WHAT YOU WILL DO
Nothing in the data should change when you return it, but leave the pictures out.

Collected data entries
◇ ◇ ◇ ◇ ◇

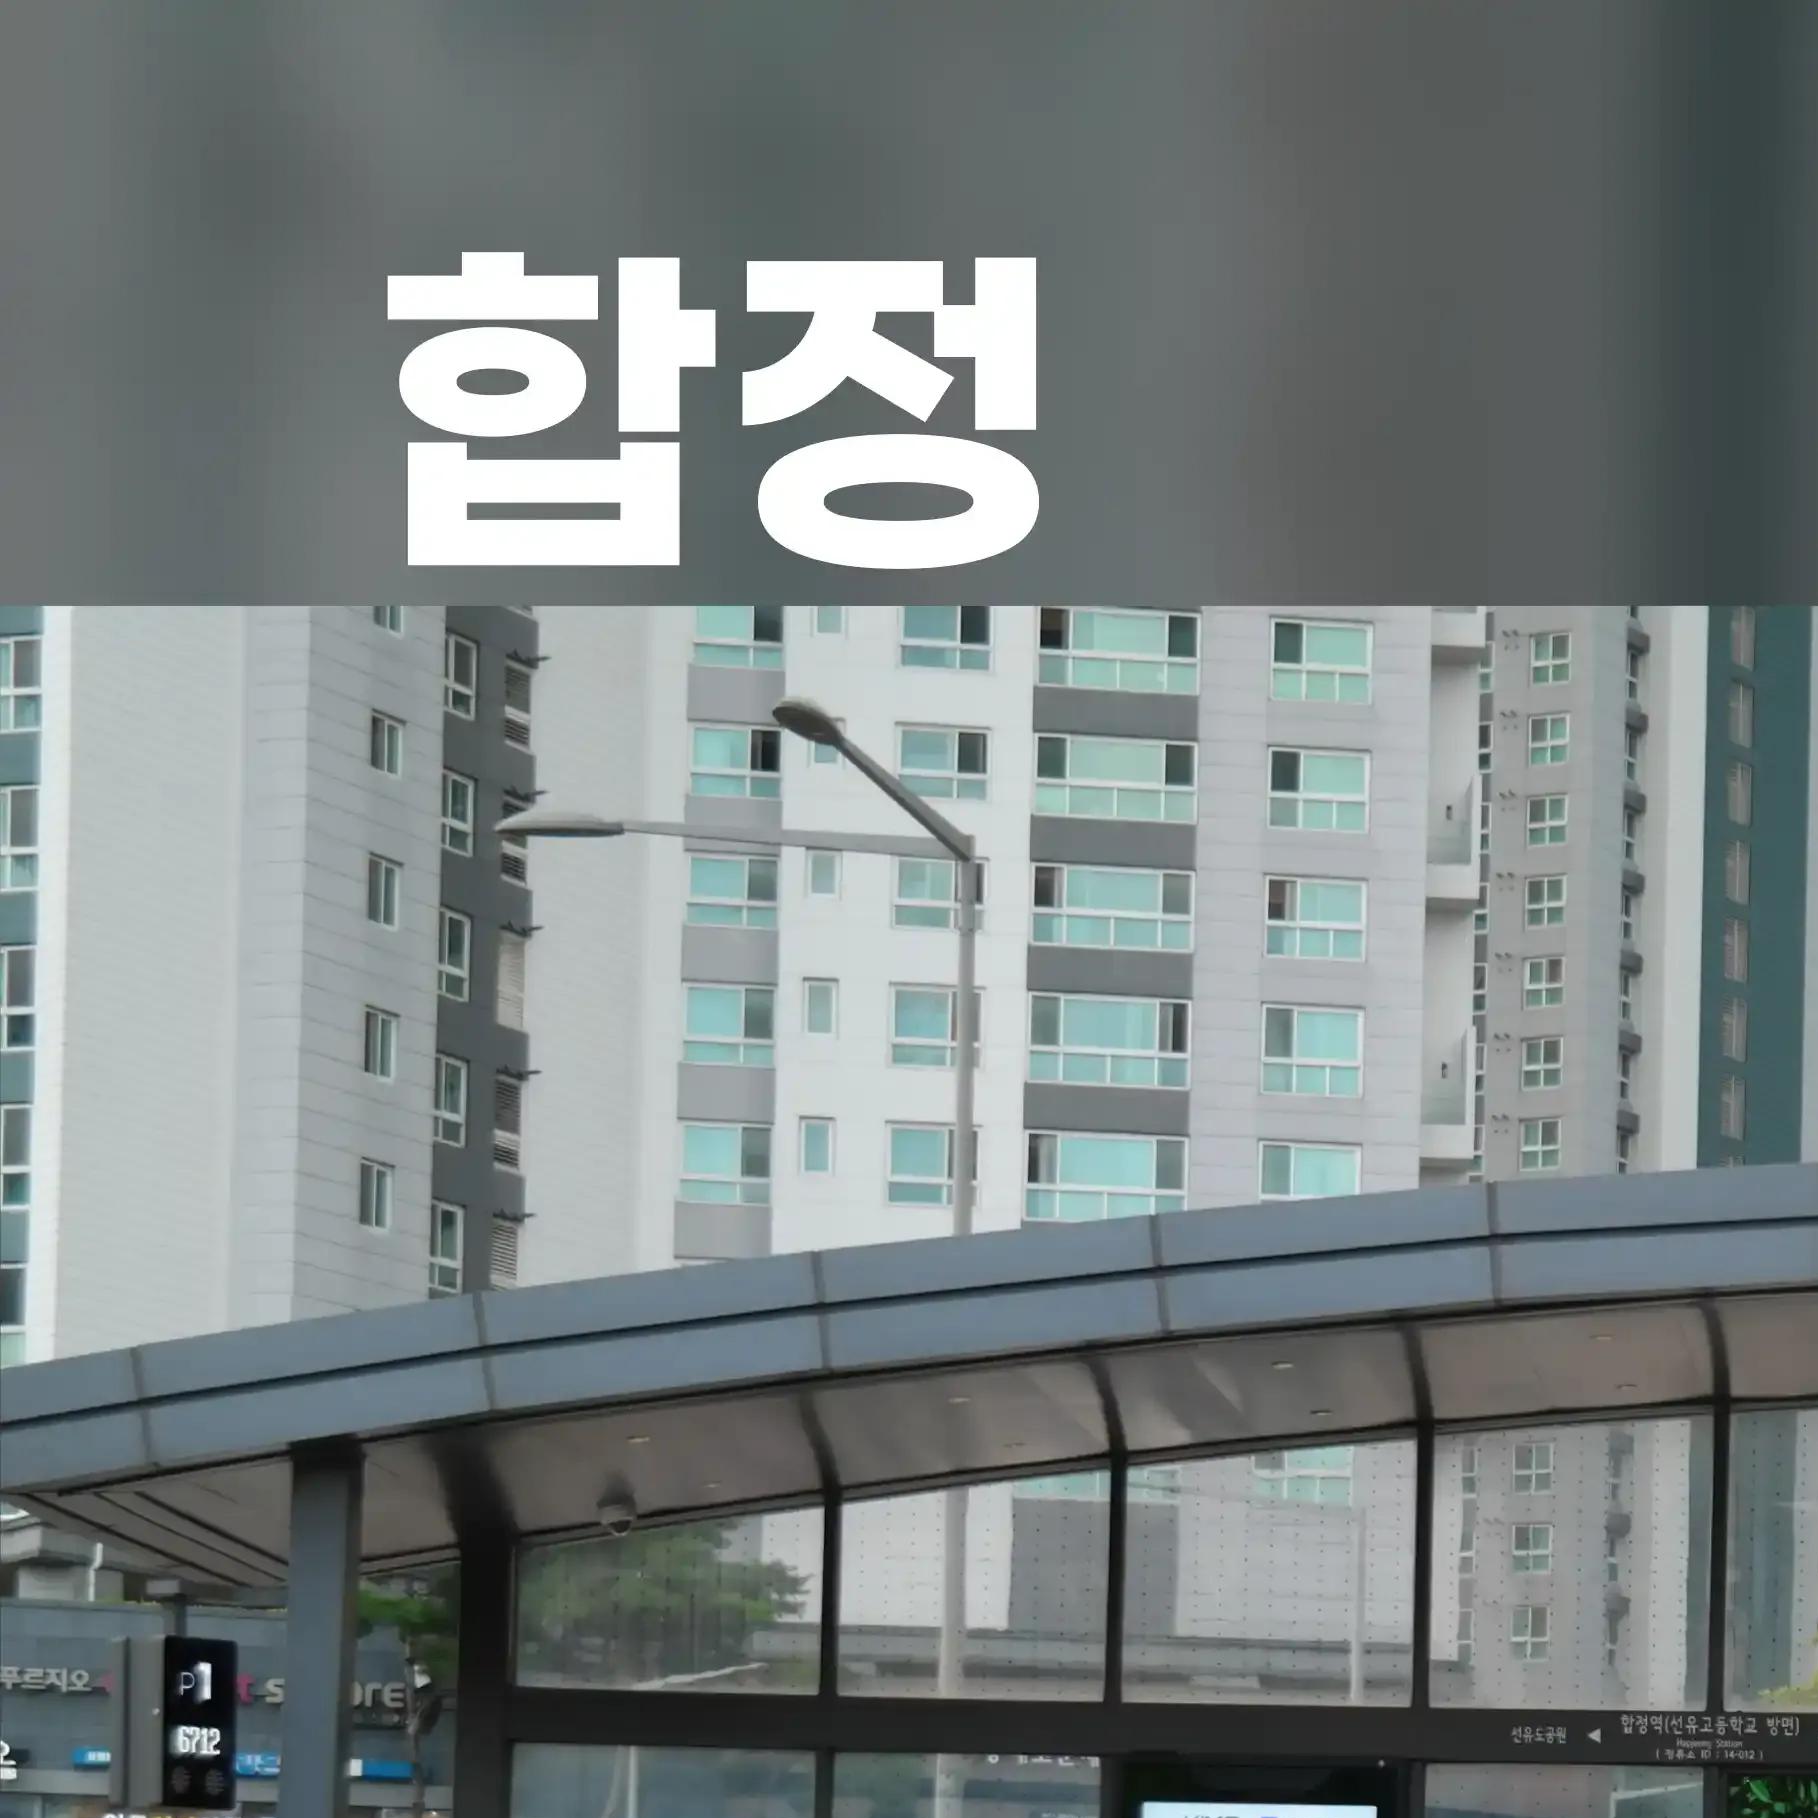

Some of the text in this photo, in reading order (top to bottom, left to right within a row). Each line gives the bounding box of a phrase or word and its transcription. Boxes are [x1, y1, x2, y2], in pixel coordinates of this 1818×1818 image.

[0, 1666, 92, 1693] 푸르지오
[1510, 1726, 1567, 1744] 선유도공원
[1620, 1714, 1801, 1737] 합정역(선유고등학교 방면)
[176, 1726, 221, 1755] 6712

◇ ◇ ◇ ◇ ◇

RESPONSE
Some of the text in this photo, in reading order (top to bottom, left to right within a row). Each line gives the bounding box of a phrase or word and its transcription. Boxes are [x1, y1, x2, y2], in pixel coordinates of this 1818×1818 image.

[0, 1666, 92, 1693] 푸르지오
[1510, 1726, 1567, 1744] 선유도공원
[1620, 1714, 1801, 1737] 합정역(선유고등학교 방면)
[176, 1726, 221, 1755] 6712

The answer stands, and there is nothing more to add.